The finished copy must match the records exactly, except that it contains no pictures.

[Available records — start]

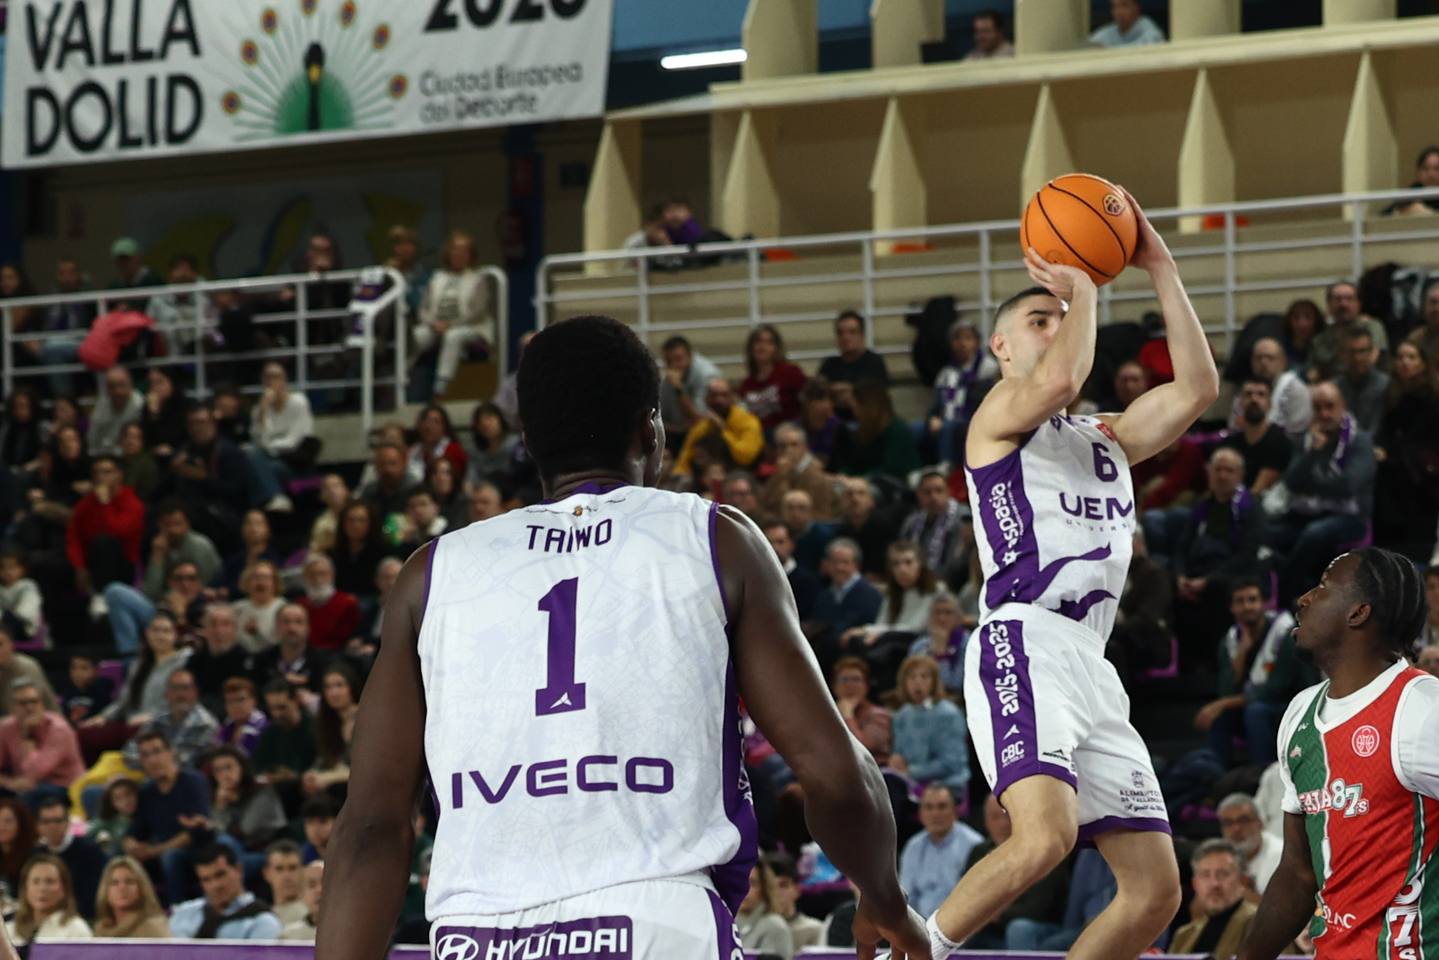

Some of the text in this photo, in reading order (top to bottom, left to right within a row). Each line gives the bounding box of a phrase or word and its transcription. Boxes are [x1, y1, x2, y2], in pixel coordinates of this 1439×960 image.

[25, 0, 201, 71] VALLA
[26, 74, 205, 157] DOLID
[1091, 442, 1119, 482] 6
[526, 518, 613, 554] TAIWO
[535, 576, 587, 717] 1
[451, 755, 674, 809] IVECO
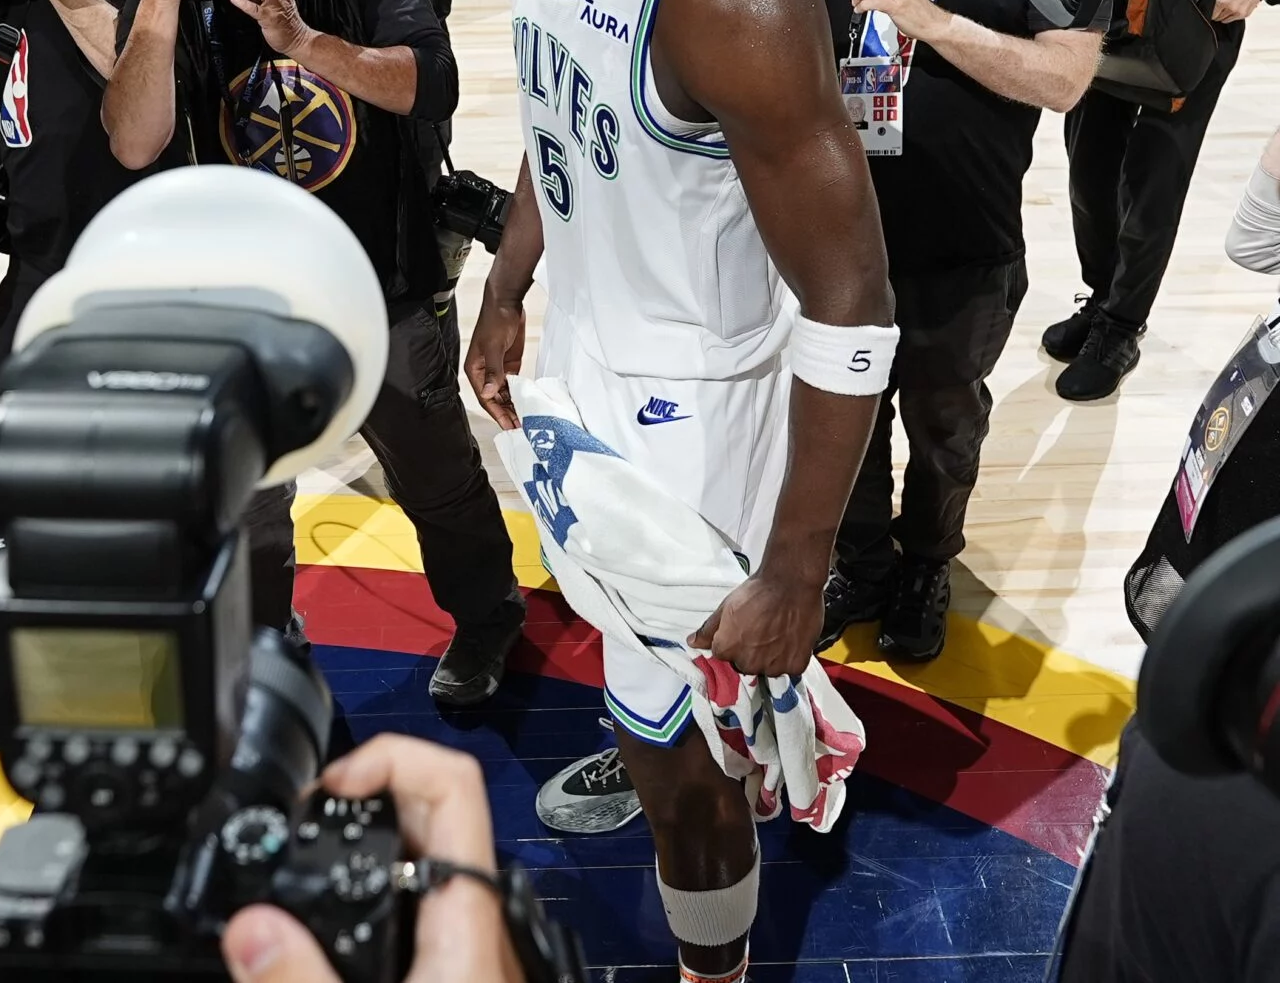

[Available records — finish]

_Written answer_.
Some of the text in this photo, in reading order (top to bottom, left to right within a row). Each line gives the bounding box of a phrase or word and its transcription. Boxes are [x1, y1, x2, y2], in pixel coordinates of this 1439×960 image.

[25, 0, 201, 71] VALLA
[26, 74, 205, 157] DOLID
[1091, 442, 1119, 482] 6
[526, 518, 613, 554] TAIWO
[535, 576, 587, 717] 1
[451, 755, 674, 809] IVECO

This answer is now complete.